MATERIAL PROVIDED section start
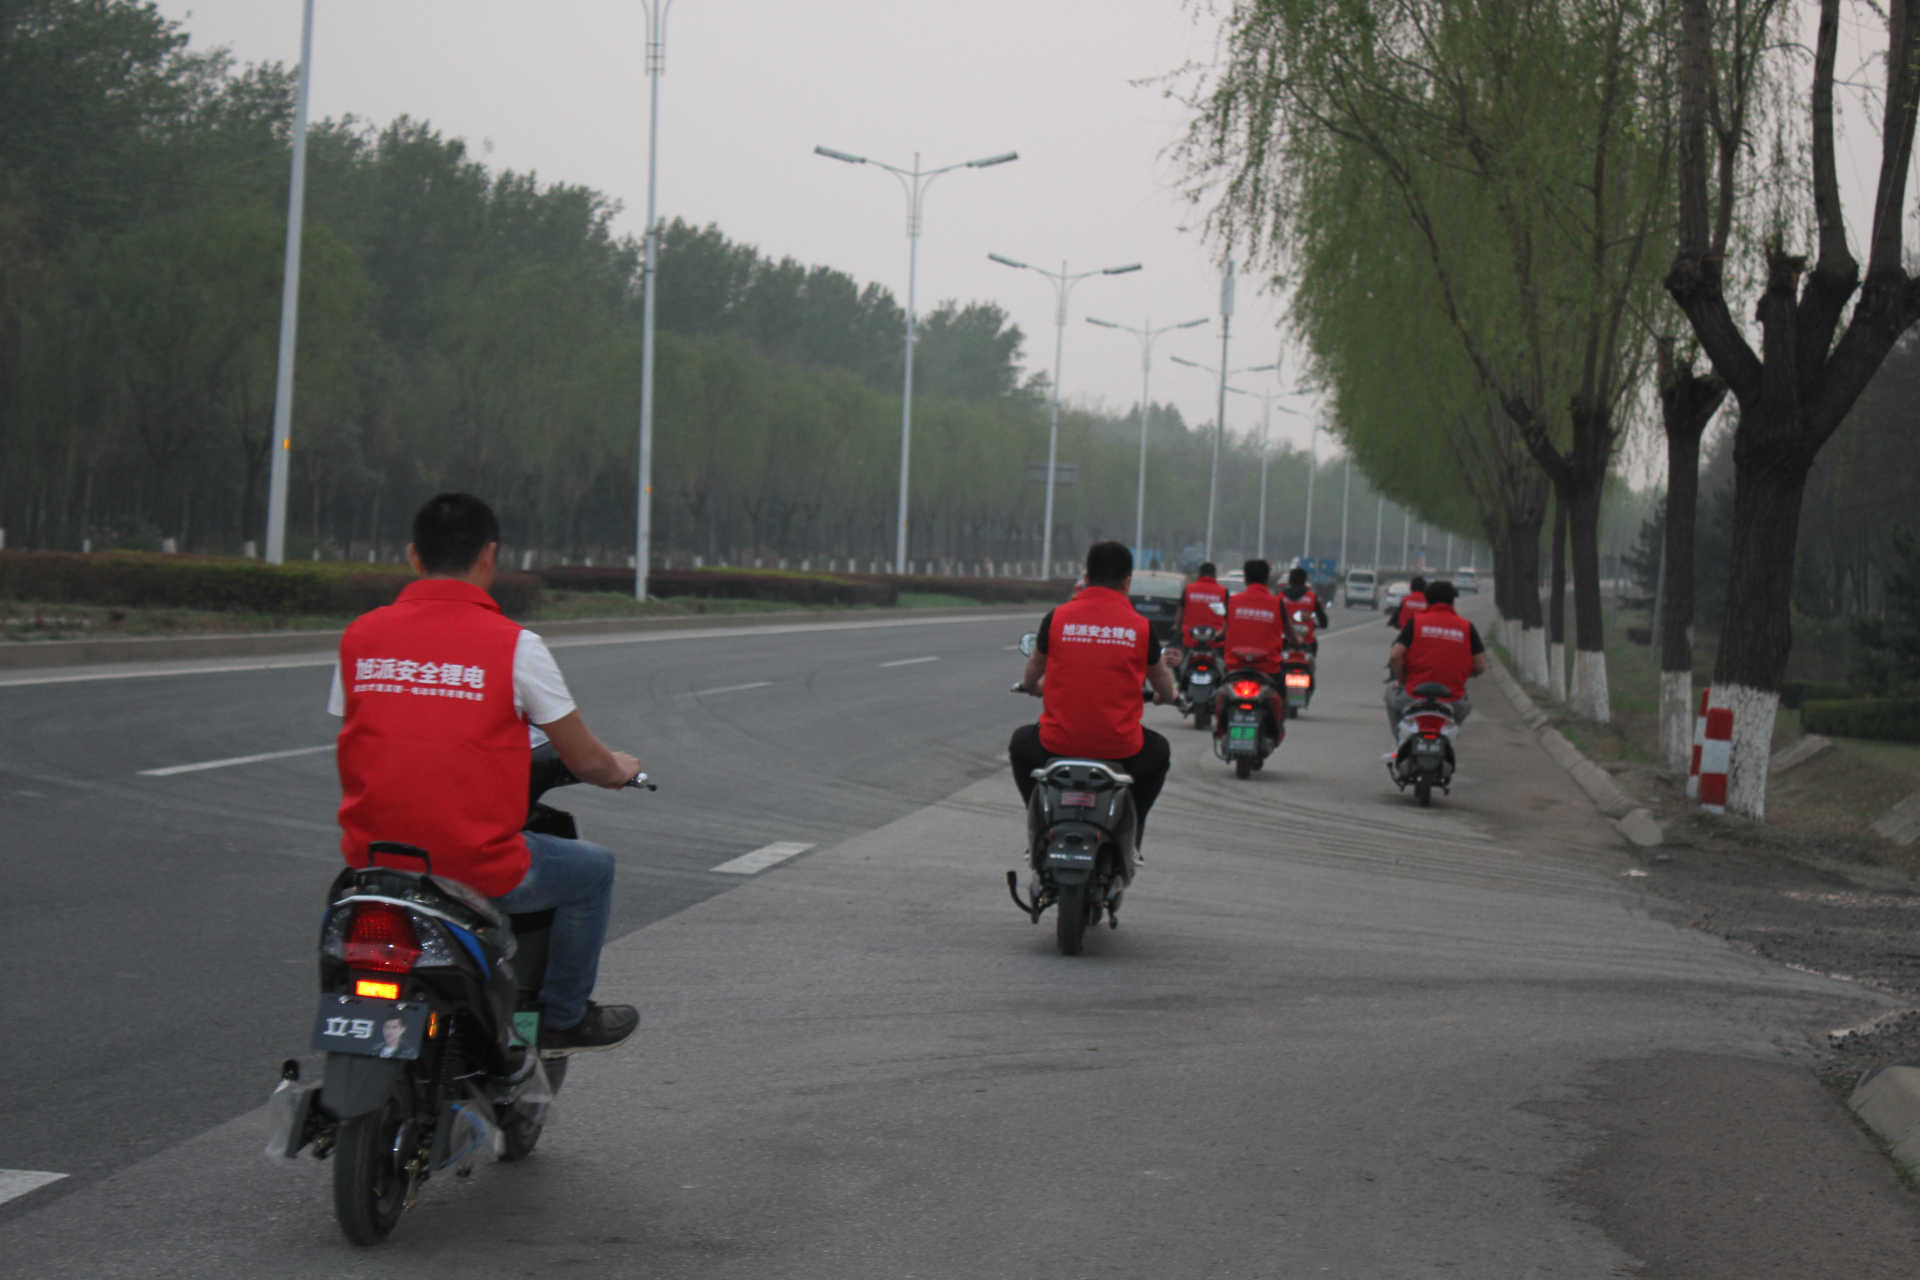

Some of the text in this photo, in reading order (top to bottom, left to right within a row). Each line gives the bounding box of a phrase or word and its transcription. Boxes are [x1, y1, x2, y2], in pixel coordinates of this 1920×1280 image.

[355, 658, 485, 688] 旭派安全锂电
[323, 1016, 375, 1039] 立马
MATERIAL PROVIDED section end
MATERIAL PROVIDED section start
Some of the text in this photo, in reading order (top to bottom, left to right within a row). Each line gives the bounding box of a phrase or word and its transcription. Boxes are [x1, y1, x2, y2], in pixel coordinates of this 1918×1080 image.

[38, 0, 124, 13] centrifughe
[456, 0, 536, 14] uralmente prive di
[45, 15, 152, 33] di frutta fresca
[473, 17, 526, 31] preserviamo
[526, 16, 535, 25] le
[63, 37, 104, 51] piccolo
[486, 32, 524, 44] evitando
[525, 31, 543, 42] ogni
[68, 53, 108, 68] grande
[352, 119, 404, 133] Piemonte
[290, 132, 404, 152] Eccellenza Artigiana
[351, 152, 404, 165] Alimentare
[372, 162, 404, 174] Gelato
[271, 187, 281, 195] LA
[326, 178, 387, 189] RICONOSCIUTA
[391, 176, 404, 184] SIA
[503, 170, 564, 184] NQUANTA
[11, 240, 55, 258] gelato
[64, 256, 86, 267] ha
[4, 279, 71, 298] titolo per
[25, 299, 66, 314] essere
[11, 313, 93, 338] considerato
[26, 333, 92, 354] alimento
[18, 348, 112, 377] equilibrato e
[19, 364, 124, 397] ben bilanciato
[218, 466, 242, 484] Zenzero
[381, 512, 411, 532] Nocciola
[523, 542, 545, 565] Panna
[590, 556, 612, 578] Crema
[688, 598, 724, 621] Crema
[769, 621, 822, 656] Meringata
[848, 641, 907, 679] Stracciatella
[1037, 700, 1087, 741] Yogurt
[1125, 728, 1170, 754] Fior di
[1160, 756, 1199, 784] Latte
MATERIAL PROVIDED section end
MATERIAL PROVIDED section start
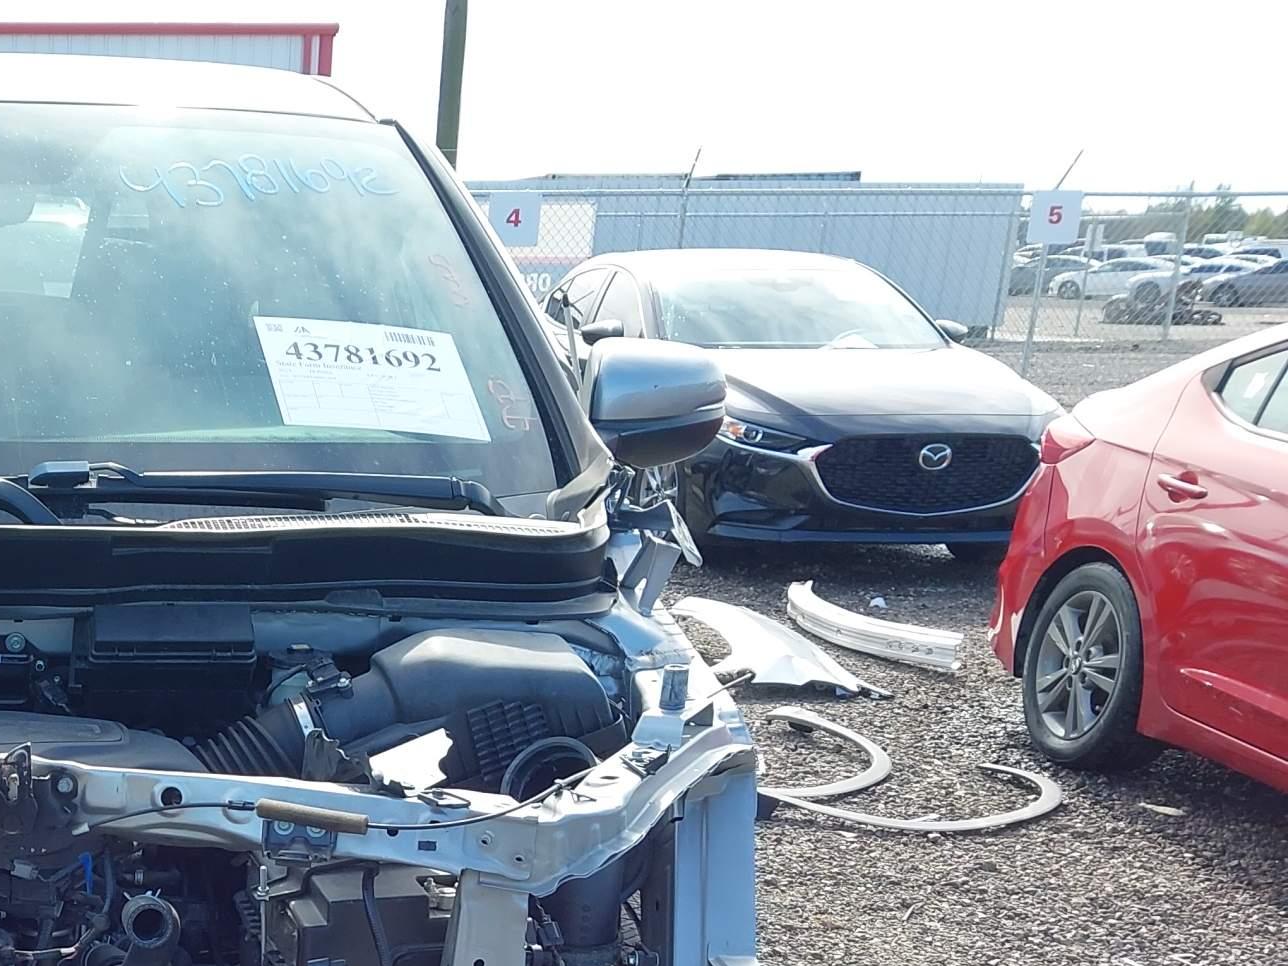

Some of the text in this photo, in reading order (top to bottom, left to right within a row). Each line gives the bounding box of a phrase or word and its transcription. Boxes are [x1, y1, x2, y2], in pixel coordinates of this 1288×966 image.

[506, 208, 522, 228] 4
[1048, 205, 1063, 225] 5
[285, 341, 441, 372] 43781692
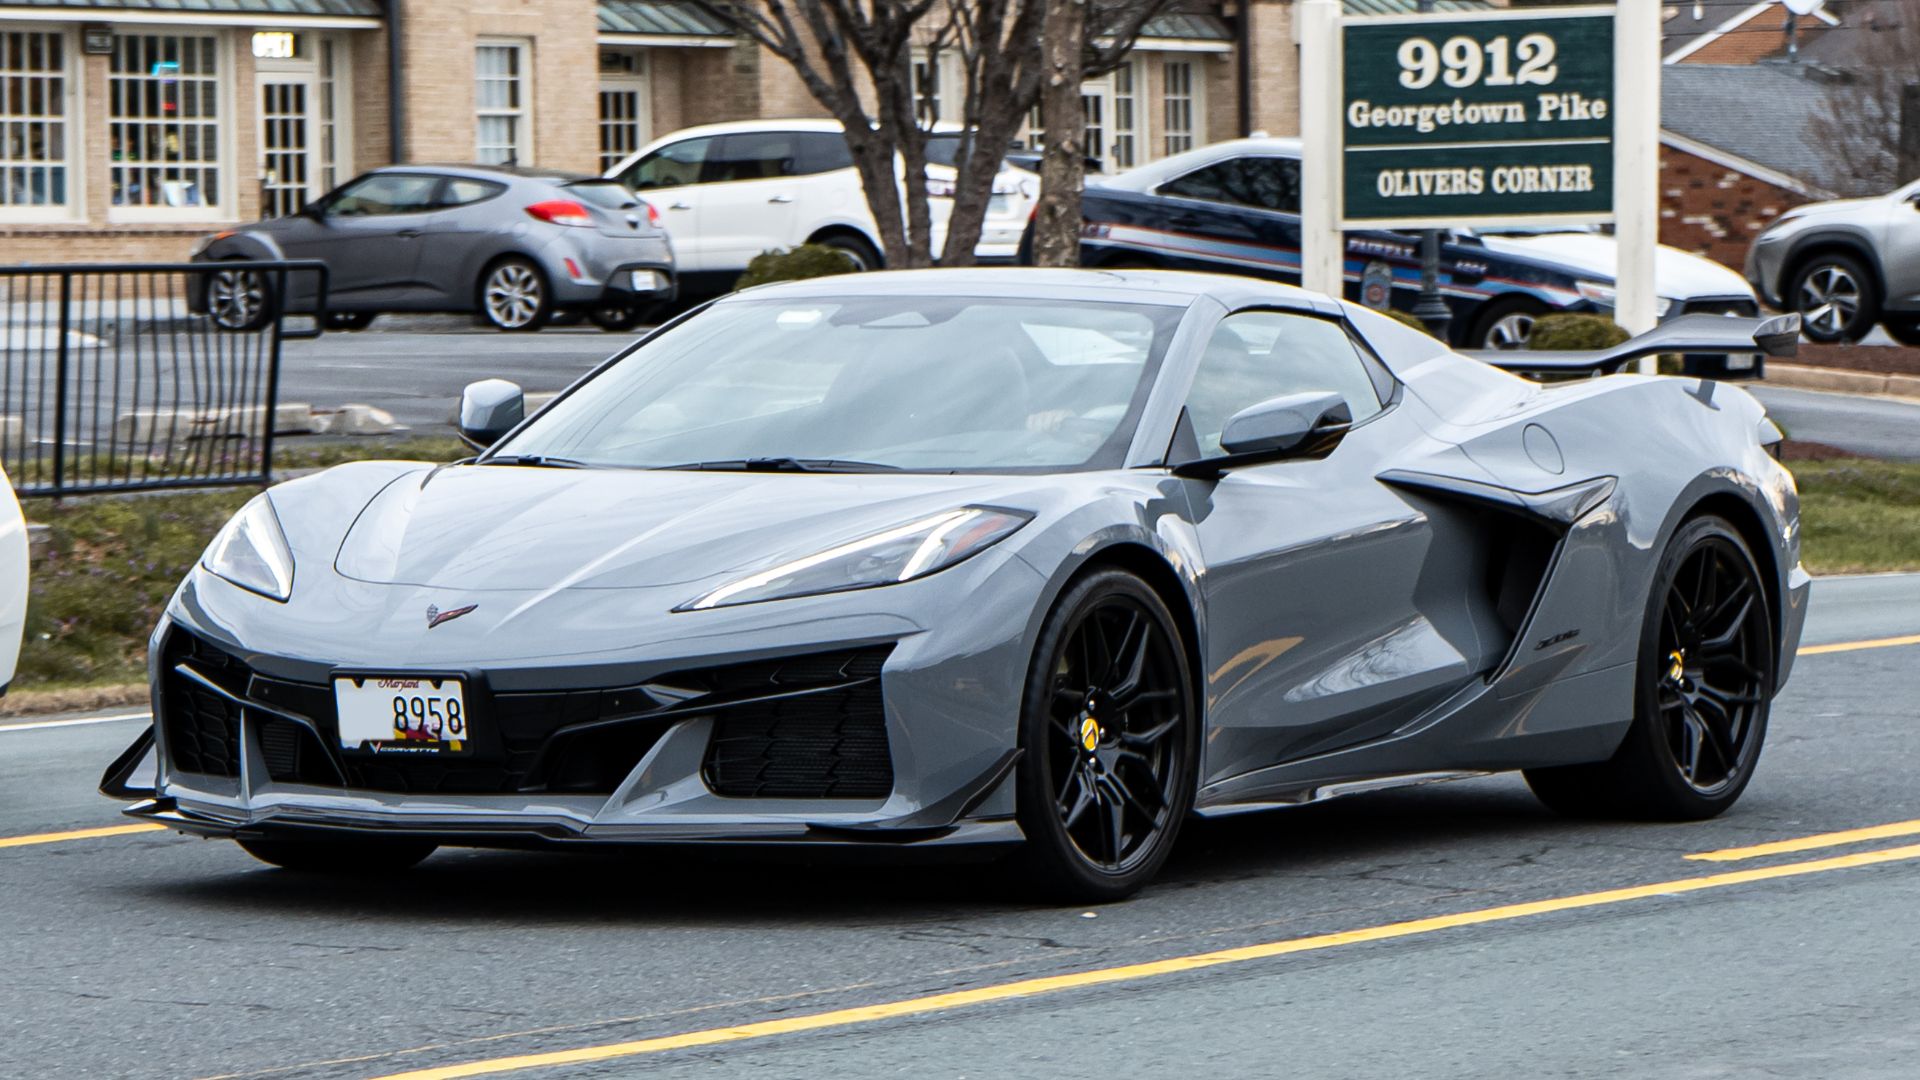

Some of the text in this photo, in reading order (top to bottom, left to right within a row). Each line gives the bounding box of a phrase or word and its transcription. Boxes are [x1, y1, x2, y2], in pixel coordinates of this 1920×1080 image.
MATERIAL PROVIDED section end
Take the lines above starting at the one containing "this 1288×966 image." and ending at the one containing "this 1920×1080 image.", and print them again exactly, without pictures.

▶ **SOLUTION FOR THIS TASK**
Some of the text in this photo, in reading order (top to bottom, left to right within a row). Each line gives the bounding box of a phrase or word and its transcription. Boxes are [x1, y1, x2, y2], in pixel coordinates of this 1288×966 image.

[506, 208, 522, 228] 4
[1048, 205, 1063, 225] 5
[285, 341, 441, 372] 43781692

Some of the text in this photo, in reading order (top to bottom, left to right within a row). Each line gives the bounding box of a phrase or word and its transcription. Boxes are [x1, y1, x2, y2], in pixel coordinates of this 1920×1080 image.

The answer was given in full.